Les retours francs et directs des athlètes améliorent tous les produits. Pour qu'un prototype ait une chance d'aboutir, les versions incomplètes doivent être démontées puis reconstruites. La confiance avec les athlètes ne se construit pas uniquement à travers les succès, ajoute Tobie Hatfield. Elle se construit aussi à travers les échecs, en acceptant de reconnaître quand un produit n'a pas été à la hauteur. Les chaussures ne sont jamais testées dans un vide technologique. Tableaux de données positives, masques à oxygène et semelles intermédiaires enveloppées : tout ça fait partie de la magie. Mais la confiance dans un nouveau prototype se construit et se conclut par le geste simple et humain d'écouter les besoins des athlètes.

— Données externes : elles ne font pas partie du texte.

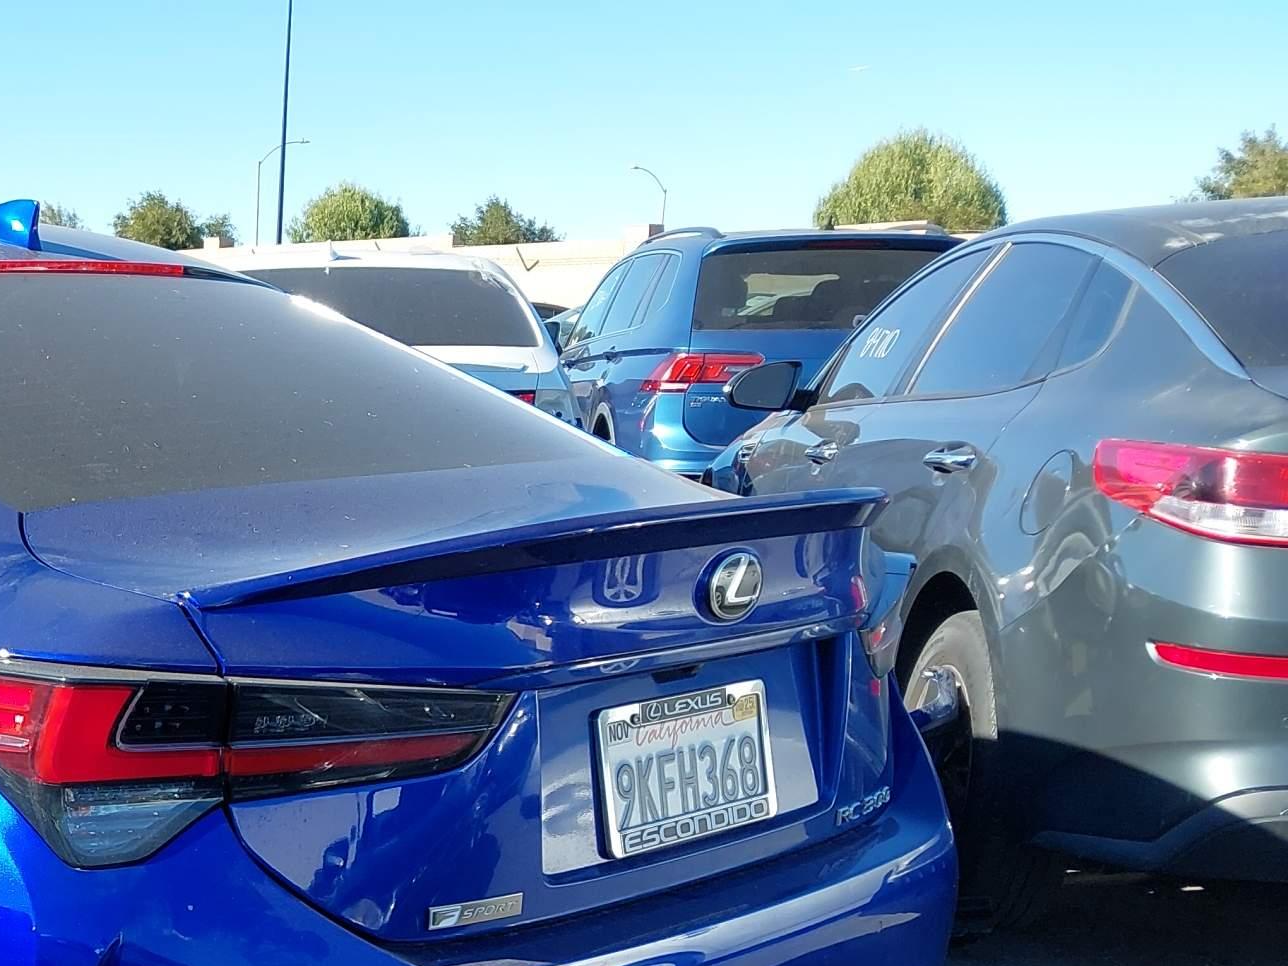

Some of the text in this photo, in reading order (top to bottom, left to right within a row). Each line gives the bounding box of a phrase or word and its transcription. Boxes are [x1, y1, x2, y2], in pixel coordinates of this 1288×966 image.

[664, 692, 722, 713] LEXUS
[609, 722, 629, 743] NOV
[635, 710, 733, 748] California
[616, 735, 760, 831] 9KFH368
[623, 800, 768, 852] ESCONDIDO
[462, 901, 517, 919] SPORT
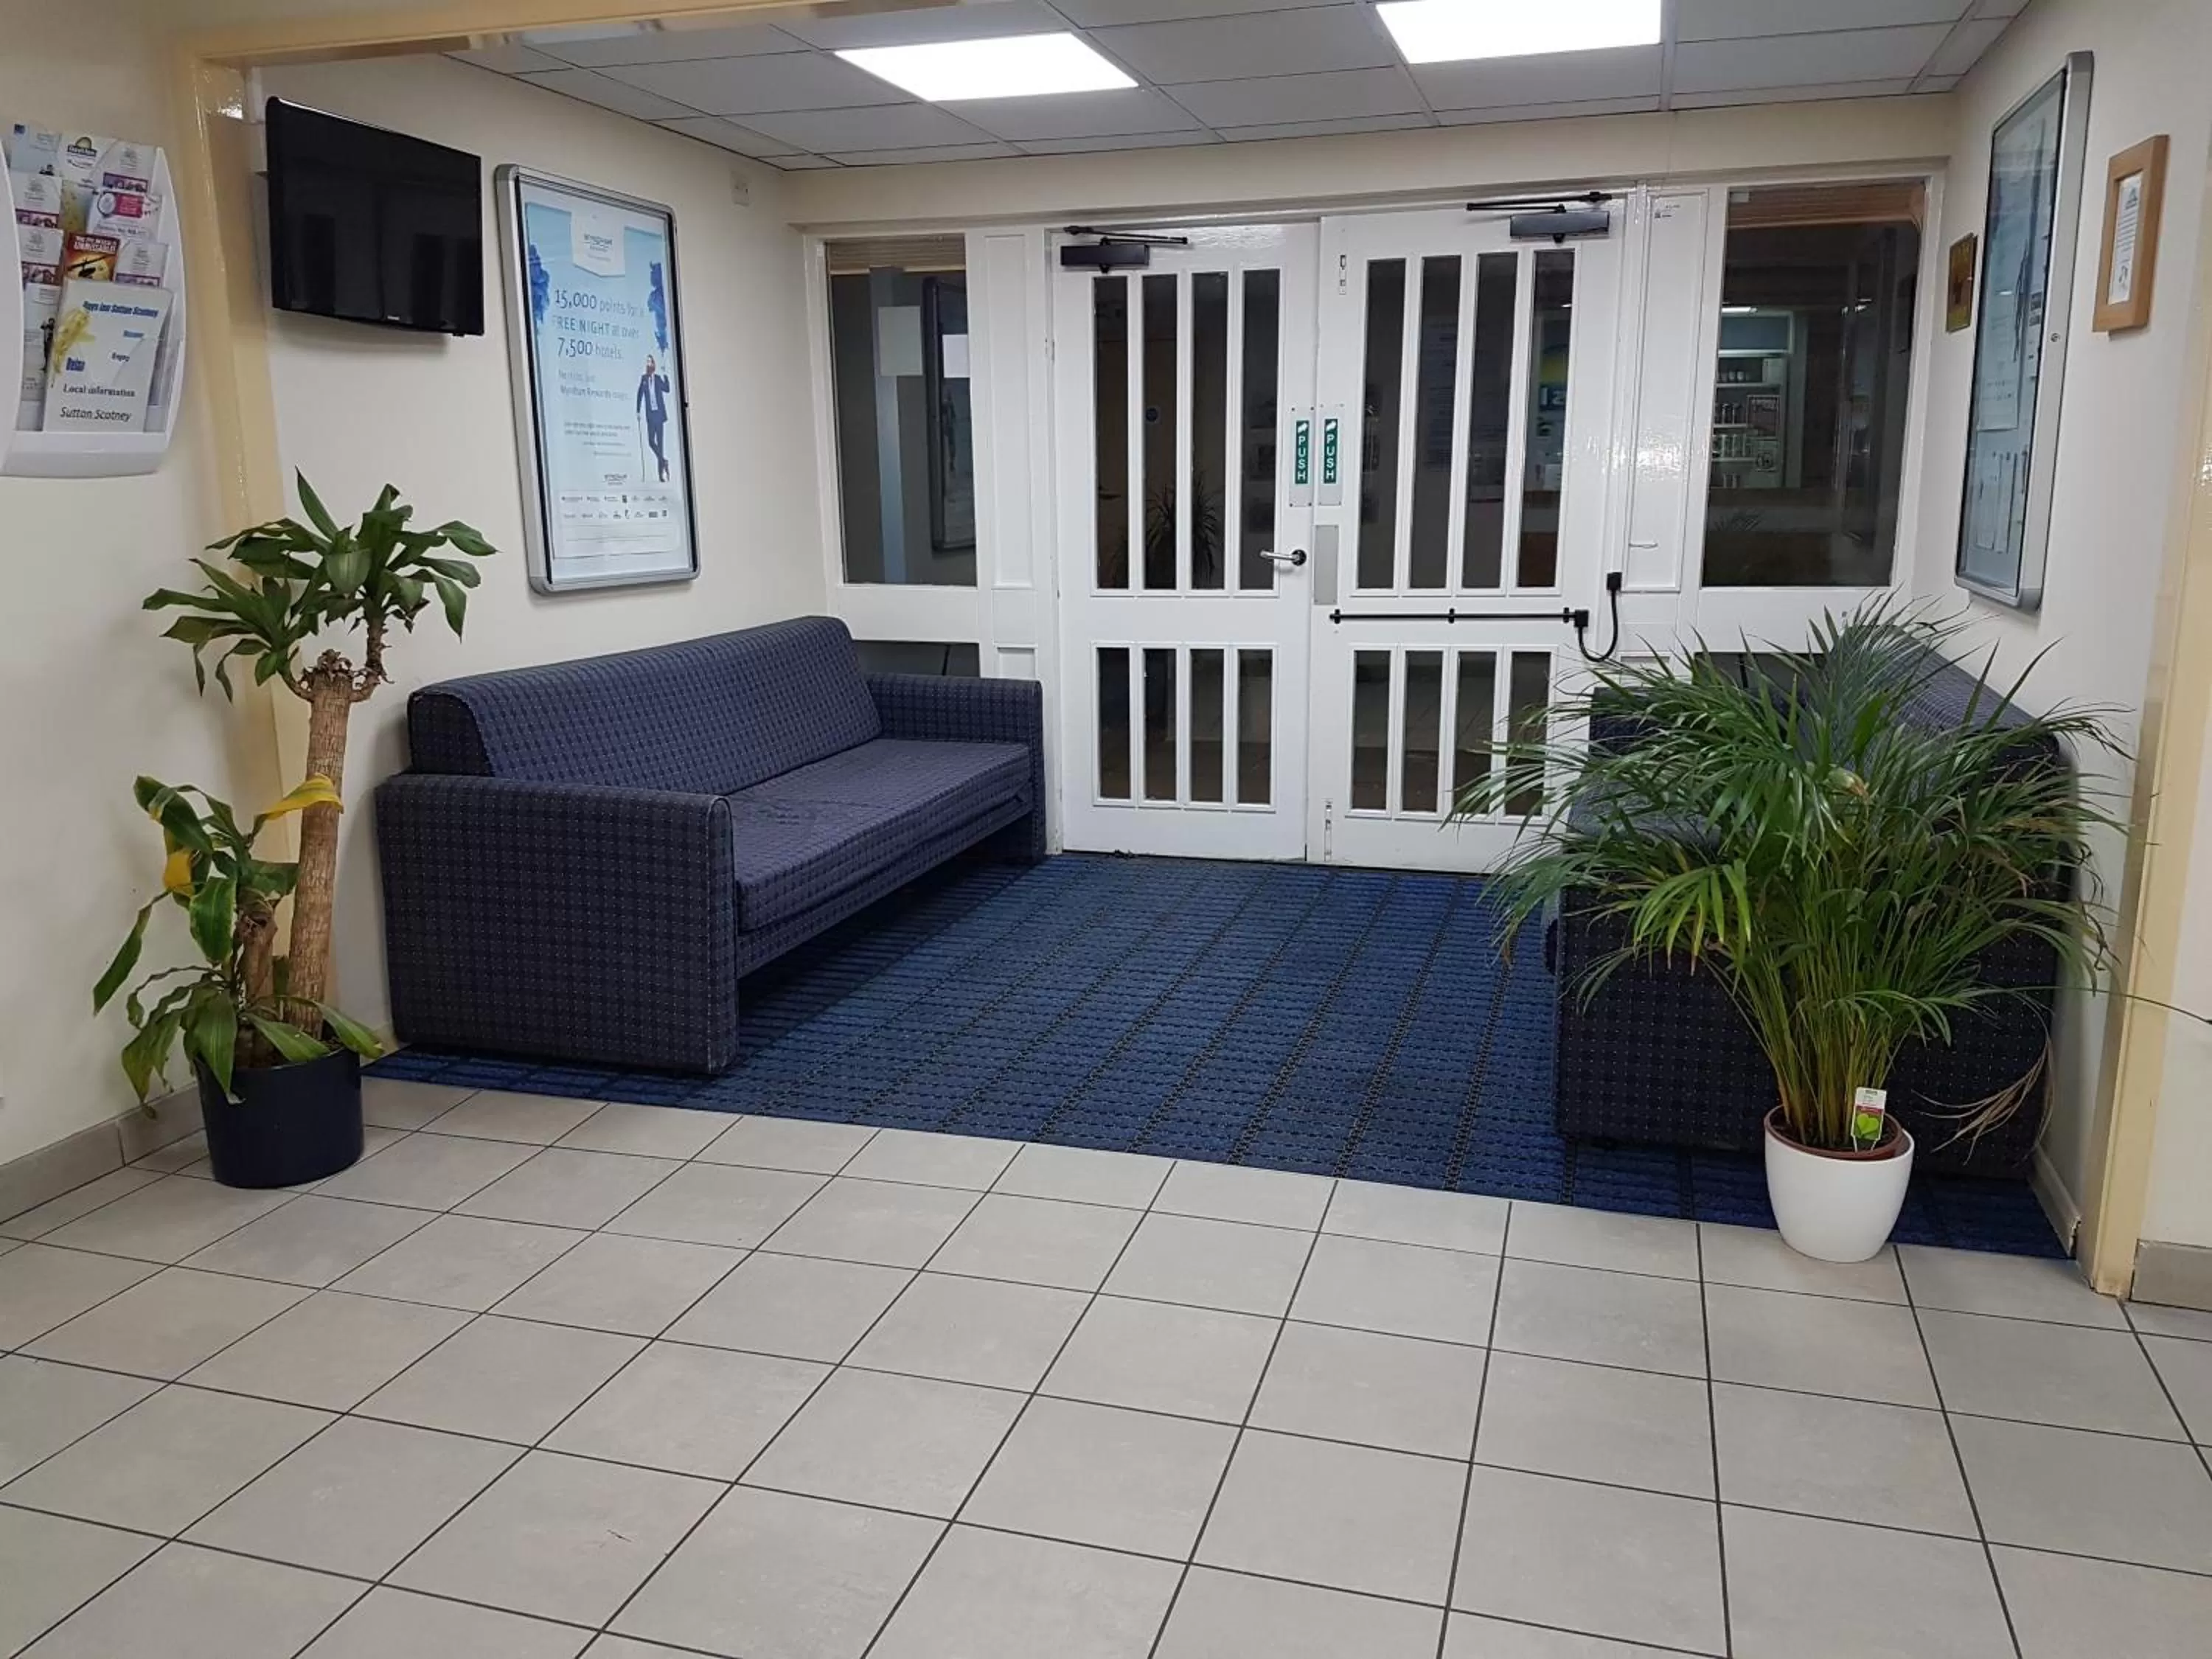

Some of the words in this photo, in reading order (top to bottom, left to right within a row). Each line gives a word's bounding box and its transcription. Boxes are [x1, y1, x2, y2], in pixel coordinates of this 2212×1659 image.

[554, 289, 597, 309] 15,000
[552, 316, 576, 331] FREE
[579, 319, 611, 335] NIGHT
[557, 337, 593, 358] 7,500
[63, 383, 86, 393] Local
[88, 386, 136, 397] information
[60, 406, 92, 420] Sutton
[94, 409, 132, 422] Scotney
[1298, 436, 1307, 481] PUSH
[1326, 434, 1335, 480] PUSH
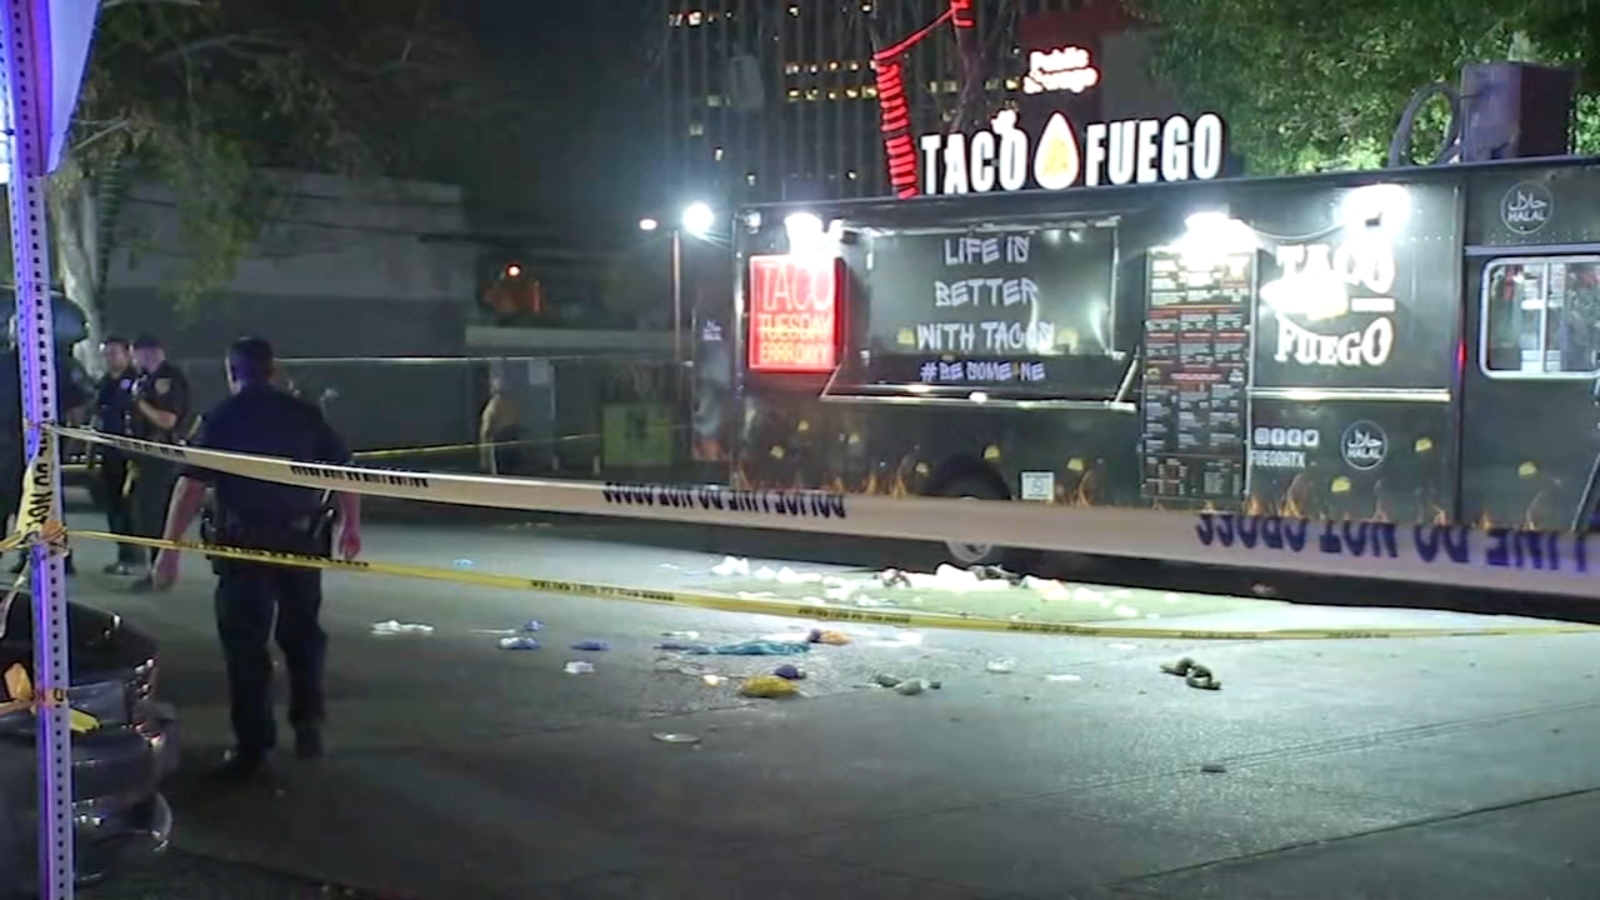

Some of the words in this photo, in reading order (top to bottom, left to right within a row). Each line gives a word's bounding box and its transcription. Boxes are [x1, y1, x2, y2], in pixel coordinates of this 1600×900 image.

[920, 128, 1028, 195] TACO
[1085, 113, 1223, 187] FUEGO
[1508, 210, 1546, 222] HALAL
[944, 237, 1001, 265] LIFE
[1006, 235, 1030, 263] IS
[1274, 230, 1396, 294] TACO
[757, 259, 834, 311] TACO
[934, 276, 1040, 307] BETTER
[758, 313, 834, 341] TUESDAY
[917, 322, 975, 351] WITH
[980, 321, 1056, 352] TACOS
[1273, 316, 1393, 367] FUEGO
[1347, 446, 1383, 459] HALAL
[1195, 513, 1308, 553] CROSS
[1319, 520, 1399, 559] NOT
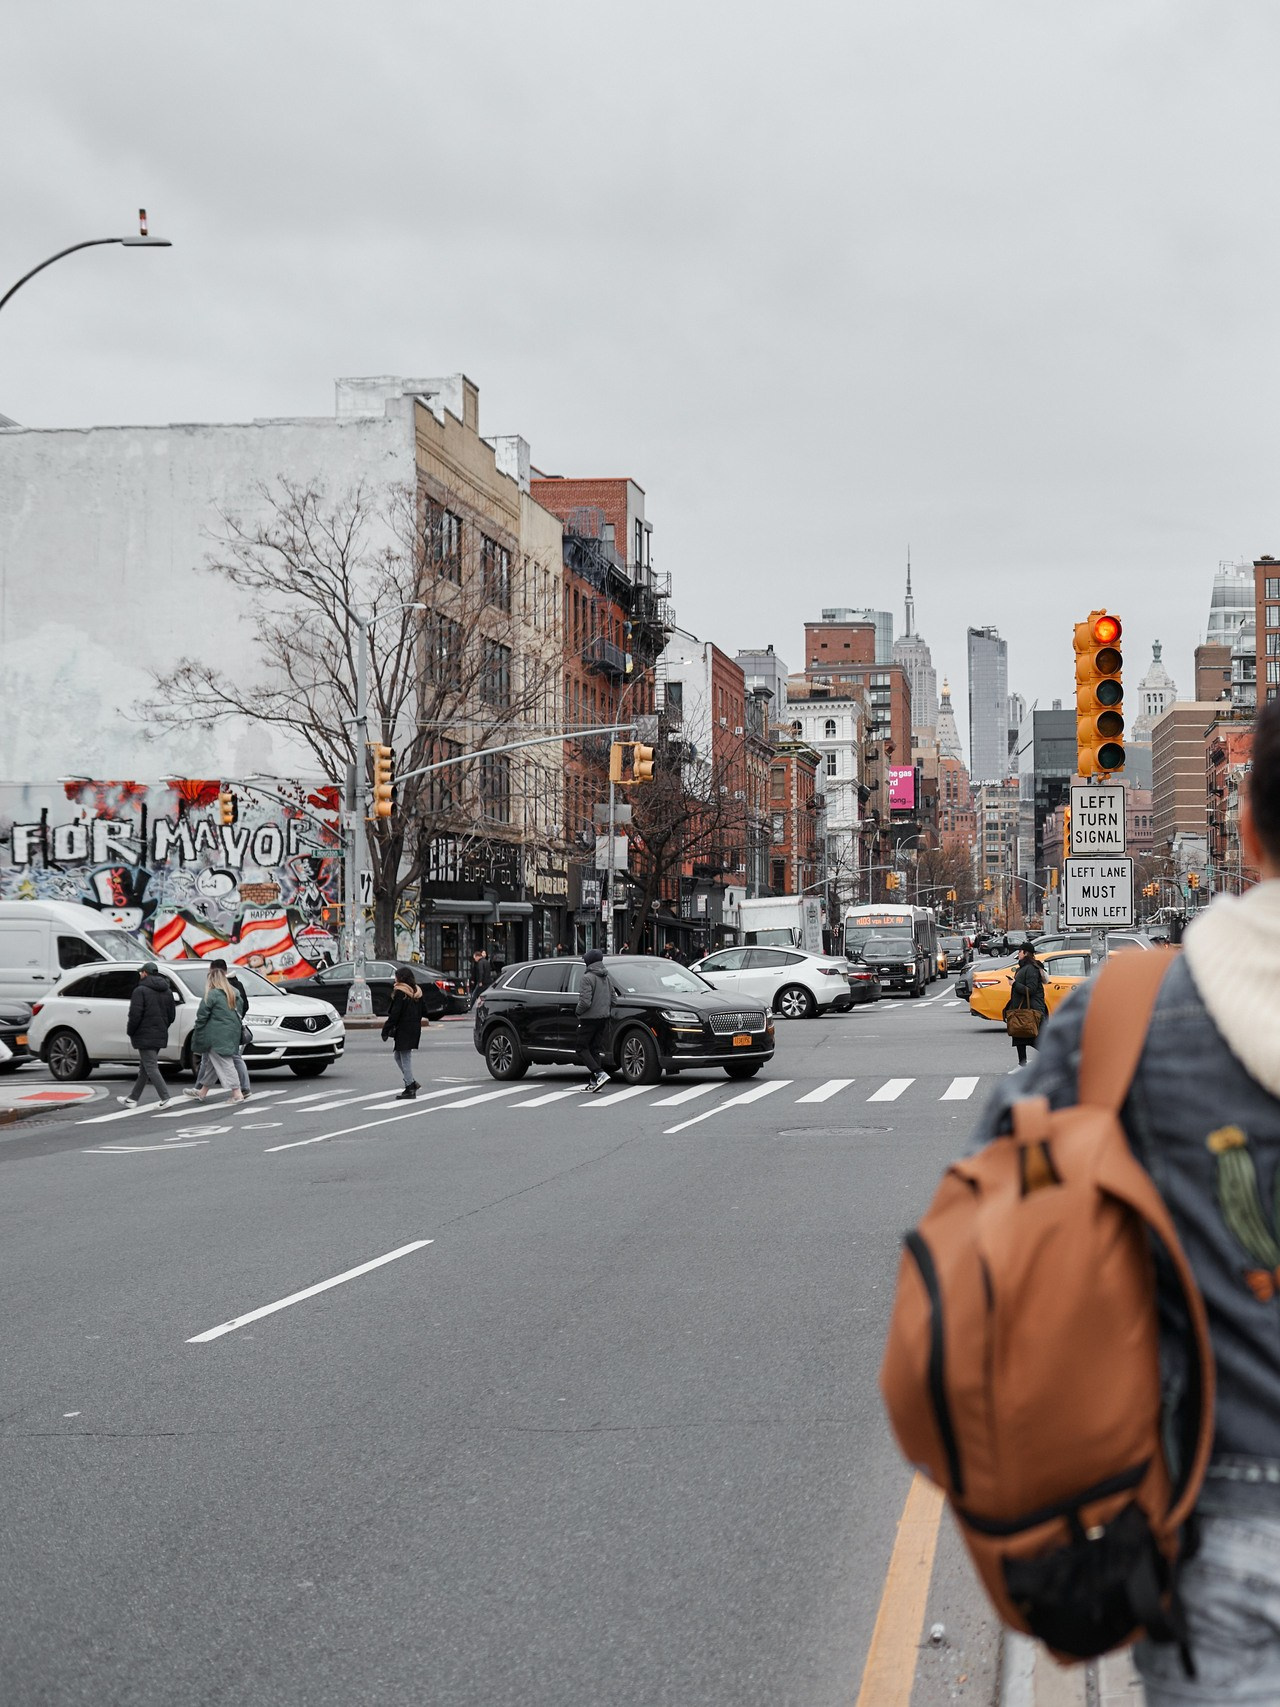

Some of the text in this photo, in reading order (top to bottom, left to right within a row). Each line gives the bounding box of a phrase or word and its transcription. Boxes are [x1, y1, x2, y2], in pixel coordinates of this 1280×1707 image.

« On ne veut jamais qu'une chaussure se présente comme une solution sans réel problème à résoudre, affirme Tobie Hatfield. C'est l'inverse. Le point de départ d'une chaussure devrait être un problème à résoudre. Écouter les athlètes permet de comprendre leurs besoins en profondeur, et c'est là que la confiance se crée. »

Un coloris spécial de la Vomero Premium, inspirée des premiers prototypes, est sorti le 2 octobre. « En tant qu'athlète, ça a beaucoup compté pour moi que mes retours sur la chaussure aient été pris en compte », explique Conner Mantz.